I will be the dissenting view here, although I love audiobooks and find great joy in listening to them when I'm driving. I find that often the narrator's inflection or emphasis on a specific passage will draw my attention to a particular idea that I would have missed completely if I had "read" the book. You just can't beat a good narrator reading a well written book when you're on a long drive. It sure beats the Jim Rome show.
That said, I often like to go back through the hard copy of the book and skim through those areas that I was particularly interested in during the listening, usually because I want to see the footnotes or citations the author made when he or she made a certain statement. I should note that I primarily read heavy duty non-fiction for fun - especially history and biography, so I am intrigued by where authors get their ideas for interpreting specific events and I usually want to do personal research to find out more.
When I am listening to an audio book while driving or exercising, I find that I enjoy it as interesting background noise, but that I'm also mentally engaged in other activties, so I can't quite fully focus on the work as I can when I'm "reading." So, for me only, I consider myself to have "completed" a book only after I have gone through it and thoroughly extracted what I want from it - sometimes with highlighting and notetaking. (so, I usually have hard copies of the books I've listened to. Logistics of this: I check out audiobooks from our libraries all the time, and if I like the book I can usually find it in hard copy for under $1-$5 at a library sale, used book store, or on an Amazon associate. My challenges are book storage and overdue dates at the library.)
But that's the satndards I set for myself. As for anyone else, if you listened to it all the way through, you read it, as far as I'm concerned - with one other exception. I am NOT a literature lover, but I endured it in high school. I just don't think that you will get the full impact of certain books unless you actually "read" it and expose yourself to the language in that manner. Tolstoy's books come to mind, as do Dickens and Melville.
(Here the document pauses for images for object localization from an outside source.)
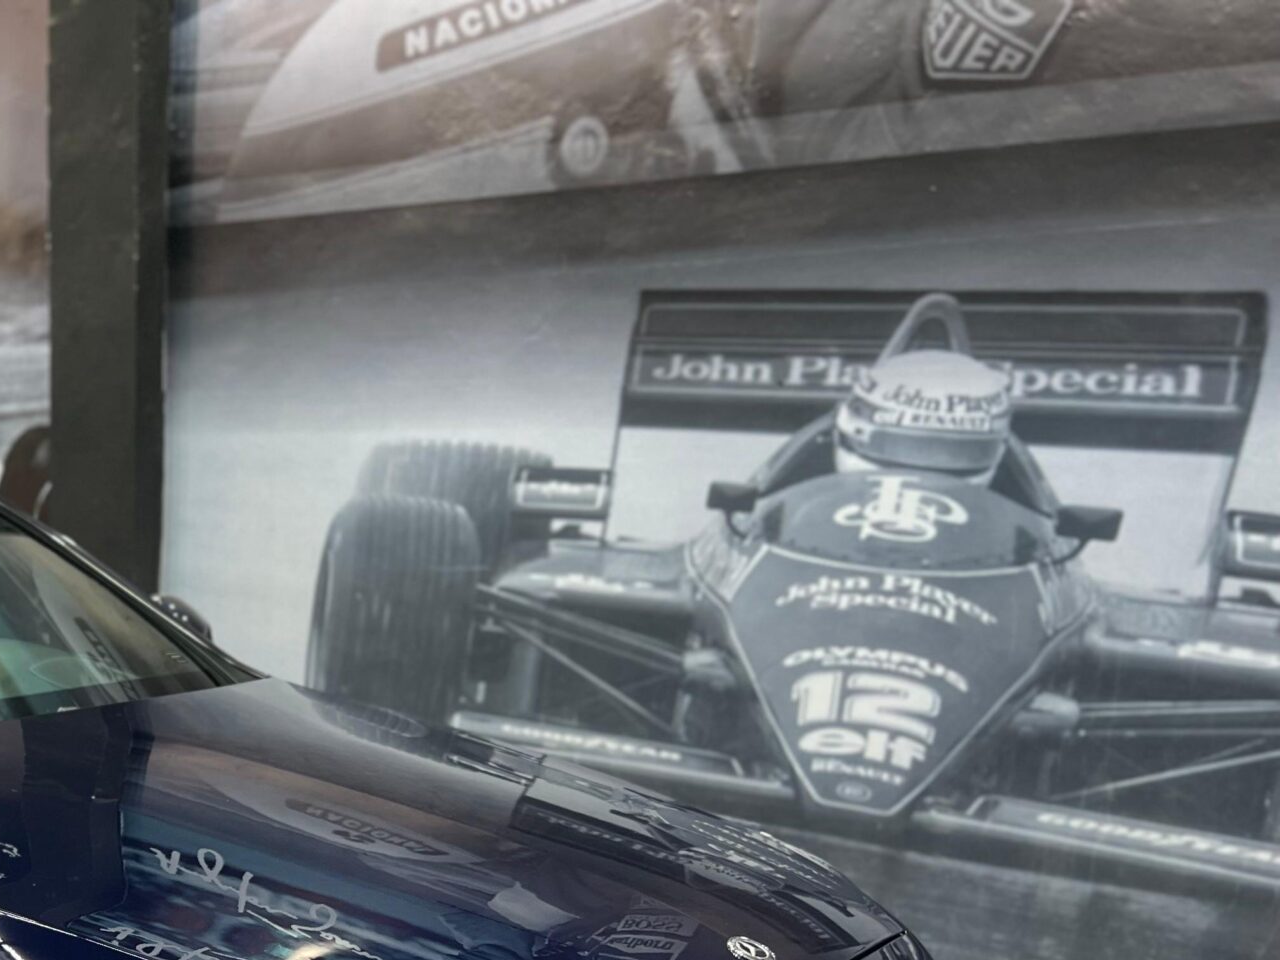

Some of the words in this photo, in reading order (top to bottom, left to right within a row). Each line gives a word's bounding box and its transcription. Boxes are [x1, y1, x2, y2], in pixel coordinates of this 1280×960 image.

[652, 354, 769, 384] John
[784, 356, 872, 387] Pla
[775, 575, 870, 607] John
[882, 573, 998, 625] Player
[810, 591, 957, 625] Special
[782, 646, 969, 692] OLYMPUS
[790, 670, 942, 745] 12
[798, 727, 927, 770] elf
[1036, 812, 1280, 865] GOODYEA
If you just listen to those books passivley, you might miss some of the great language that makes them classics, and then you might do poorly on your book report if that's what your assignment. So, if you're in a literature class, audiobooks don't count.
That said, if you don't have a report due, and if it comes down to never exposing yourself to Shakespeare or Melville or Dostoevsky unless you listen to the audiobook, then yes, listen to the book. And maybe you'll dig it so much you'll be inspired to read it.
Attacks on this point of view are expected and welcomed. I've got tough skin from hanging out in Books I Loathed. (Note to the wise: don't slam Steinbeck over there.)
Bill Bryson's A Walk in the Woods is a very funny listen for a long uninterrupted drive. Gets a little choppy to listen to in city traffic.
Concur with all above on how superb Scott Brick. He is the narrator for my favorite audio book of all time, Crazy Horse by Larry McMurtry.
I am also a big fan of Grover Gardner and Alexander Adams. Some of my favorite Gardner audio books are Robert Caro's Master of the Senate on LBJ, Thomas Keneally's Abraham Lincoln, and Thoams Cahill's John XXIII, and Daniel Yergin's oil history The Prize.
The best example I know of for Alexander Adams is Jonathan Spence's short Penguin Lives biography of Mao Zedong.